A large pool of underserved patients

While PTSD is often under-reported, especially among veterans, it’s estimated that nearly 8 million people in the United States suffer from the disorder. Seth Kirschner, a senior in the Business & Technology program, said there is no technology in the market aiming to bridge the communication gap between therapist and patient, as treatment often relies on the patient’s memory of events that happened days or weeks ago.

Stevens gives us the assets and environment we need to discover new problems and create technology-driven solutions to those problems.
CJ Internicola '20, co-founder, miraview

“We’re confident in our product and in our business model, but also important to us is this sense of social entrepreneurship,” he said. “We’re helping people who are really struggling. That’s something we care about.”

In fact, the inspiration for the business came from a friend of Internicola’s, who suffers from PTSD. The original concept, which he started as a high school student, was a simple app that would be able to reassure patients in the middle of an episode.

Coming to the Stevens School of Business, he said, nurtured his entrepreneurial spark and helped him explore the idea for MiraView in depth. The business is now housed in the Stevens Venture Center as its founders prepare for a crowdfunding campaign in the spring.

“I got immersed in the entrepreneurship culture here at Stevens — I’ve learned so much about what it means to develop a real technology product and build a technology firm,” Internicola said. “There’s a different mindset among students here — Stevens gives us the assets and environment we need to discover new problems and create technology-driven solutions to those problems.”

Stevens faculty make a difference

Both Kirschner and Internicola said Stevens faculty play an important role in nurturing future entrepreneurs and challenging students to think critically about the value their business concepts pose in the real world. An entrepreneurship course with Dr. Thomas Lechler, for instance, introduced Internicola to the value proposition canvas.

Two students present their business concept in a conference room.CJ Internicola, right, shows how the MiraView app collects patient data as Seth Kirschner listens. The students are preparing for a crowdfunding campaign to support their concept.

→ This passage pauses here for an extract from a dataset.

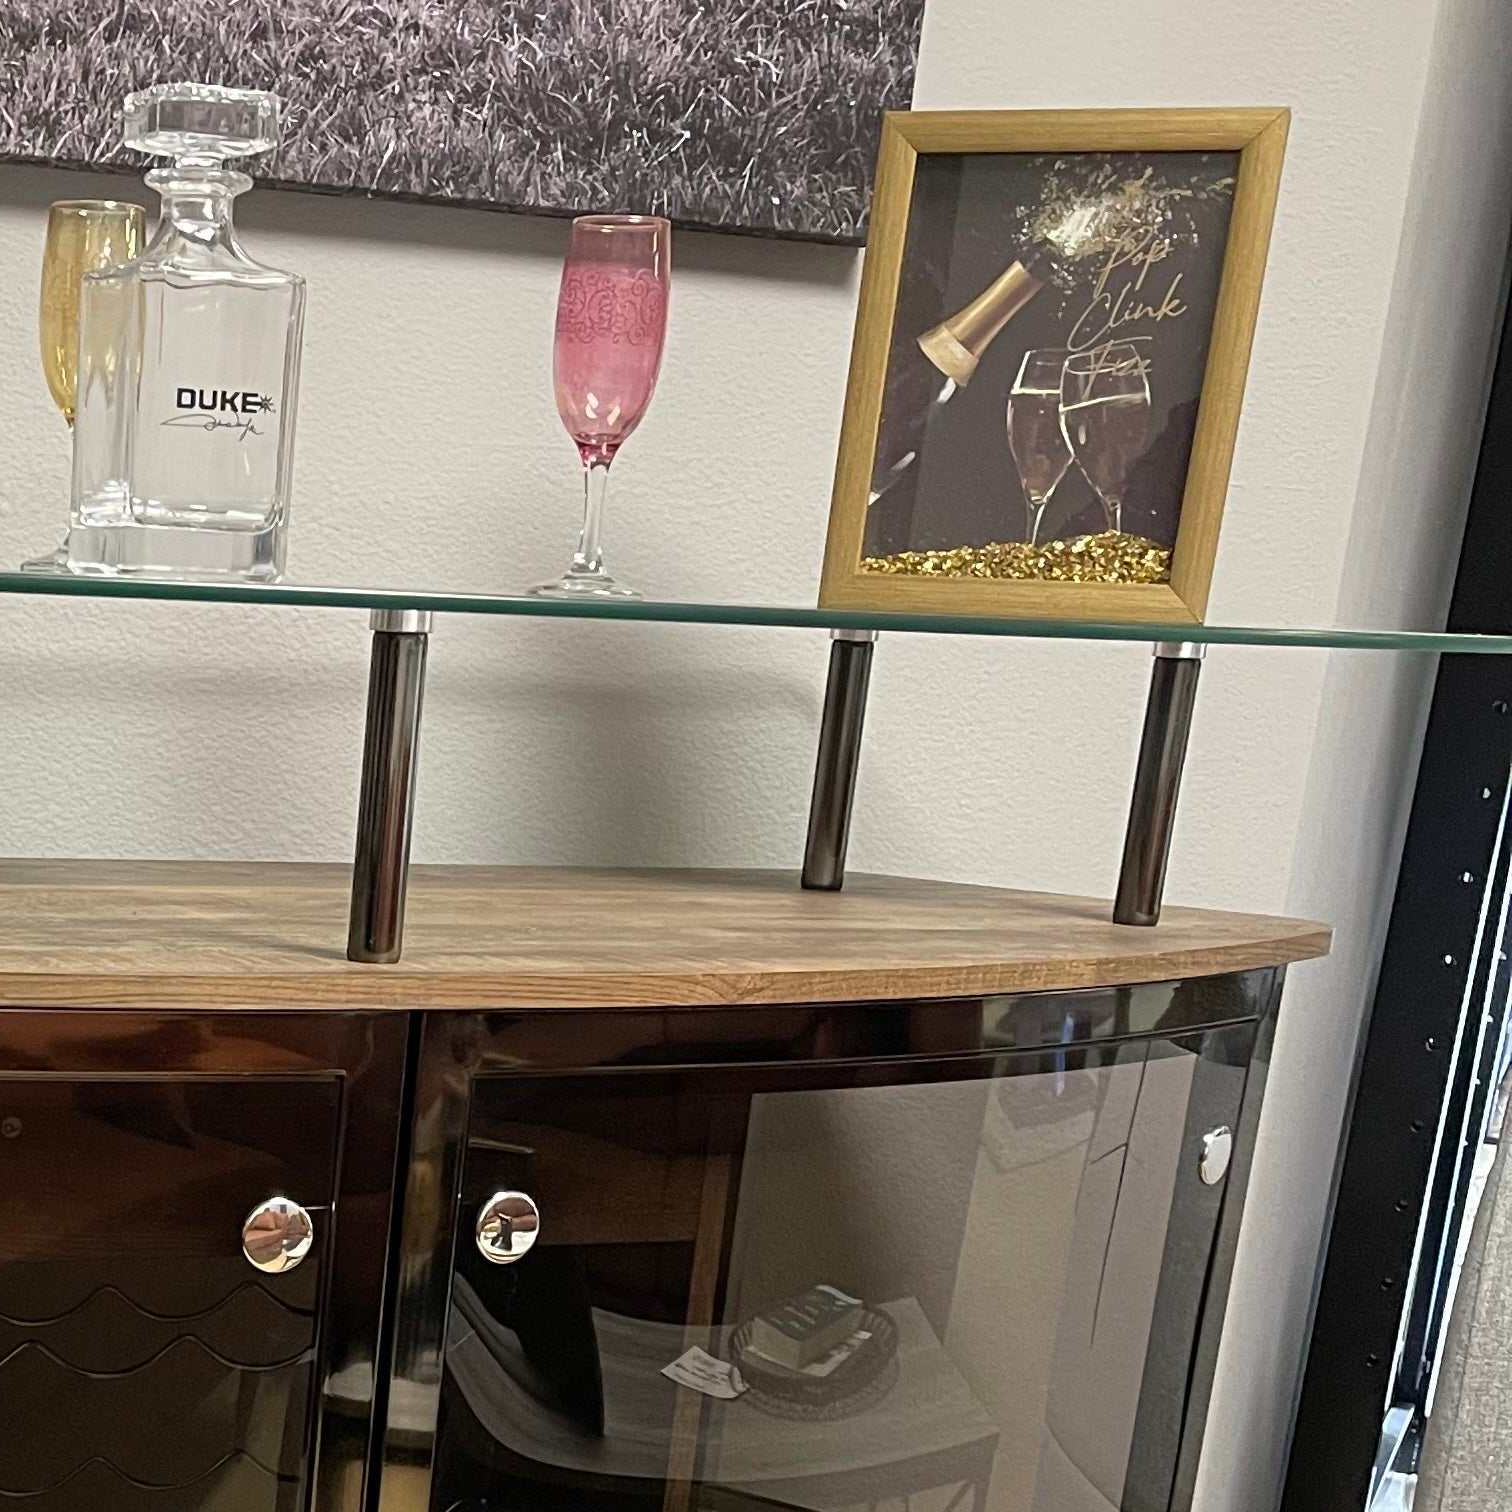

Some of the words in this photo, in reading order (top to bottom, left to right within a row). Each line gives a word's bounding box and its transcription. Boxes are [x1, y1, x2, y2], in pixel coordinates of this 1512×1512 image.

“Working on a canvas, and talking to Professor Lechler and learning from his experiences in entrepreneurship, helped us develop our entire concept, our sales pitch, our investor deck, and will ultimately be the message of our crowdfunding campaign,” he said. “Stevens faculty understand what technology exists and how that influences the business world.”

Stevens faculty also have significant strength in healthcare, such as Dr. Donald Lombardi, a distinguished researcher of healthcare management. In his work with the federal Department of Veterans Affairs and hospital systems in New Jersey and nationwide, Dr. Lombardi has a keen sense for the industry’s needs, and how a concept like MiraView represents real value.

While electronic medical records, or EMR, systems have become a staple in doctors’ offices in the last 10 years, “they lack three important components — they’re not particularly user friendly, they require someone in the office to have coding skills, and they didn’t engender trust among patients,” he said.

Headshot of Dr. Donald Lombardi with the New York skyline in the background.Dr. Donald Lombardi

MiraView, Dr. Lombardi said, is “the second generation” of EMRs: “Because it is the converse of those three things — user friendly, anyone who knows how to surf the internet can use it and it’s lockdown safe — it truly represents a new and improved version of EMRs.”

As the students work to unveil their product in time for the annual Stevens Innovation Expo, scheduled for May 2, Kirschner and Internicola credited the Stevens culture of innovation and entrepreneurship with moving the business forward alongside their busy lives as students.

“If there’s one school where I’ll be able to start something great, Stevens has to be the place,” Internicola said. “There’s an idea in the culture here that people should build things and create things, and that definitely resonates with us.”